Шрифт:
Интервал:
Закладка:
С конца XV в. в торговле рыбой и ее потреблении появился новый персонаж, постепенно оттеснивший осетров и прочих конкурентов, — треска, которую издавна ловили в Атлантическом океане, а теперь обнаружили в практически неисчерпаемых количествах на отмелях Террановы. За пользование этими водами разгорелась самая настоящая война — баски, французы, голландцы, англичане участвовали в ней, утверждая свое право на ловлю трески силой оружия и пушечными залпами. В конце концов только нации, имевшие сильный флот, а именно англичане и французы, сохранили право на эти отмели.

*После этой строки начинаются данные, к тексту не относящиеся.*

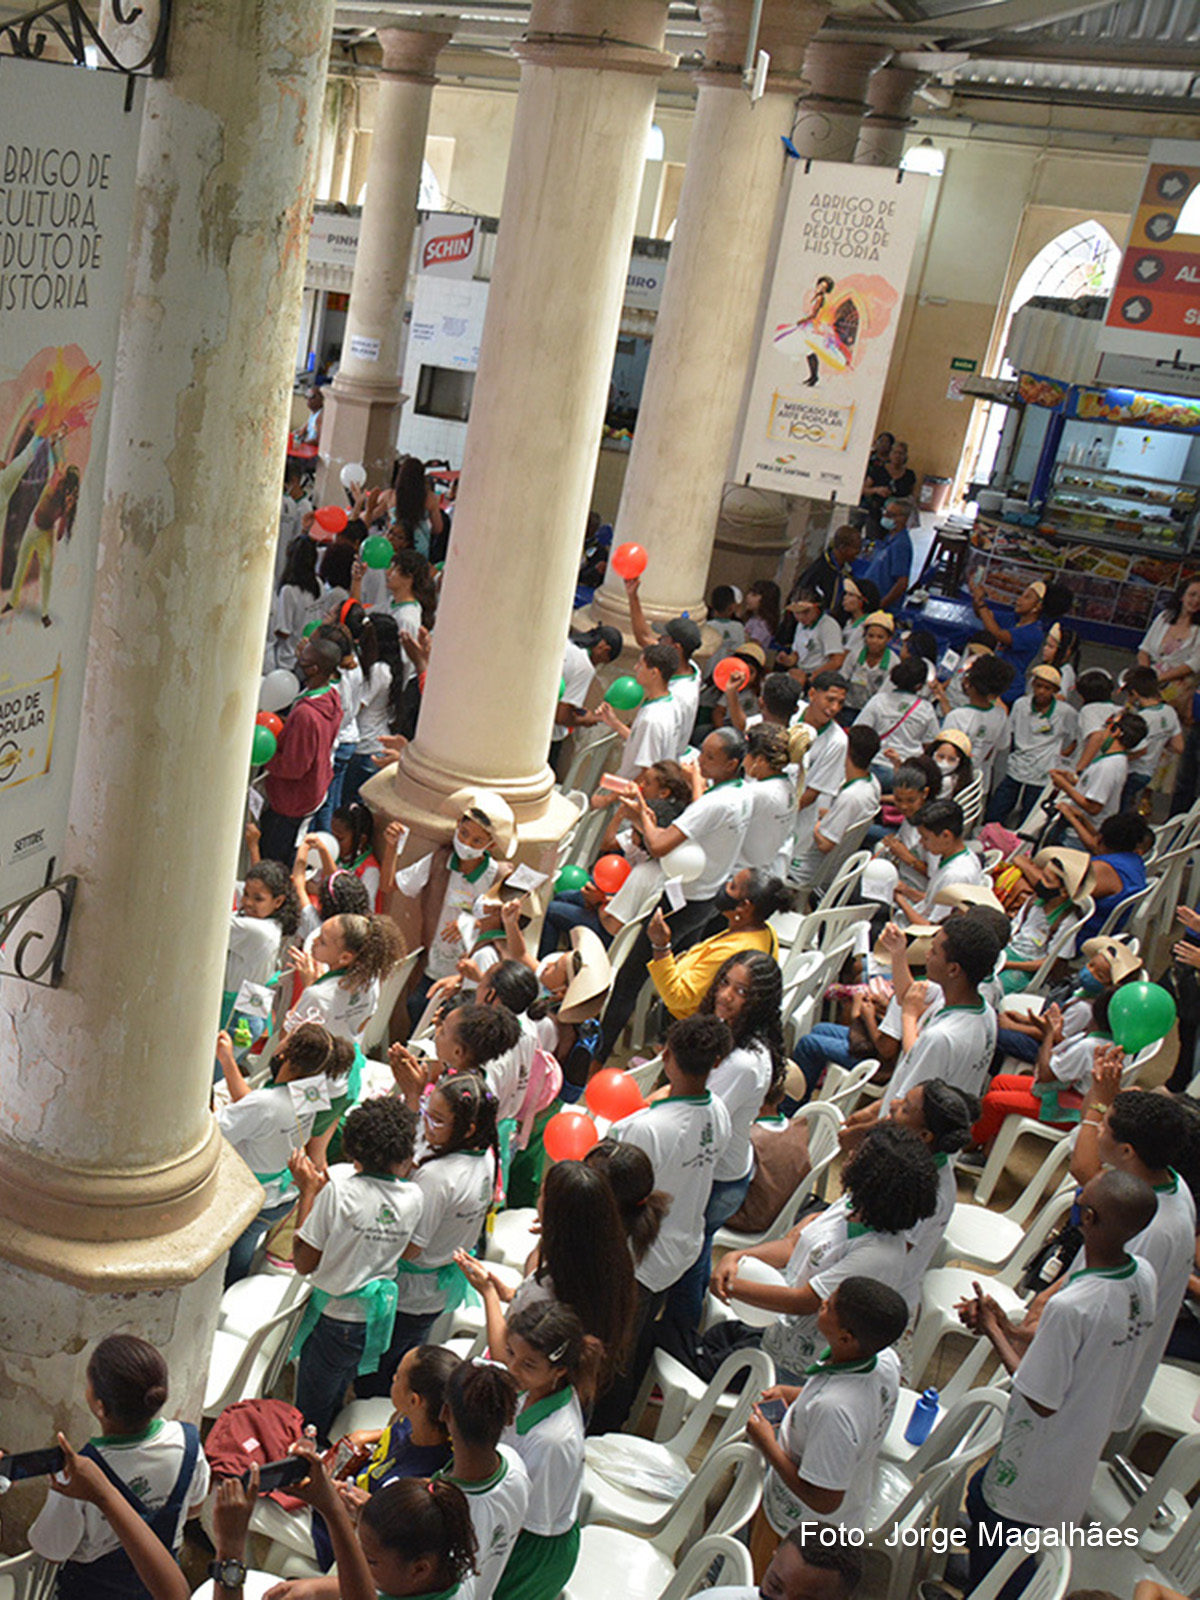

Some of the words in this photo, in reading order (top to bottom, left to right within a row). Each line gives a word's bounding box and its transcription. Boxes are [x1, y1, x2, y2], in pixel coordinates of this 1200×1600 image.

[87, 153, 111, 189] DE
[810, 193, 874, 214] ABRIGO
[878, 200, 896, 217] DE
[803, 222, 869, 244] REDUTO
[872, 231, 890, 247] DE
[79, 234, 102, 269] DE
[426, 237, 471, 260] SCHIN
[777, 410, 799, 421] ARTE
[801, 412, 843, 427] POPULAR
[784, 403, 826, 416] MERCADO
[828, 408, 840, 419] DE
[25, 691, 41, 712] DE

Треска вяленая и соленая, штокфиш и лабардан, приобретаемые первая на вес, а вторая — поштучно, появились на столах у широких слоев населения, особенно в городах.
И все же потребление рыбы по-прежнему содержит целый ряд культурных коннотаций, которые мешают этому продукту завоевать подлинно «всеобщие» симпатии. Рыба, подвергшаяся обработке, вызывает ассоциации с бедностью и подчиненным положением. Свежая рыба говорит о богатстве, но о богатстве едва ли завидном, так как рыба не насыщает, это — «легкая» еда, именно поэтому постная, которой могут в полной мере наслаждаться лишь те, кому ежедневно не угрожает голод. В том и в другом смысле рыба с трудом отвоевывала себе место среди пищевых ценностей, к которым все общество относилось бы положительно: рыбу ели, и даже в больших количествах, но в культурном плане она все равно воспринималась как заменитель мяса.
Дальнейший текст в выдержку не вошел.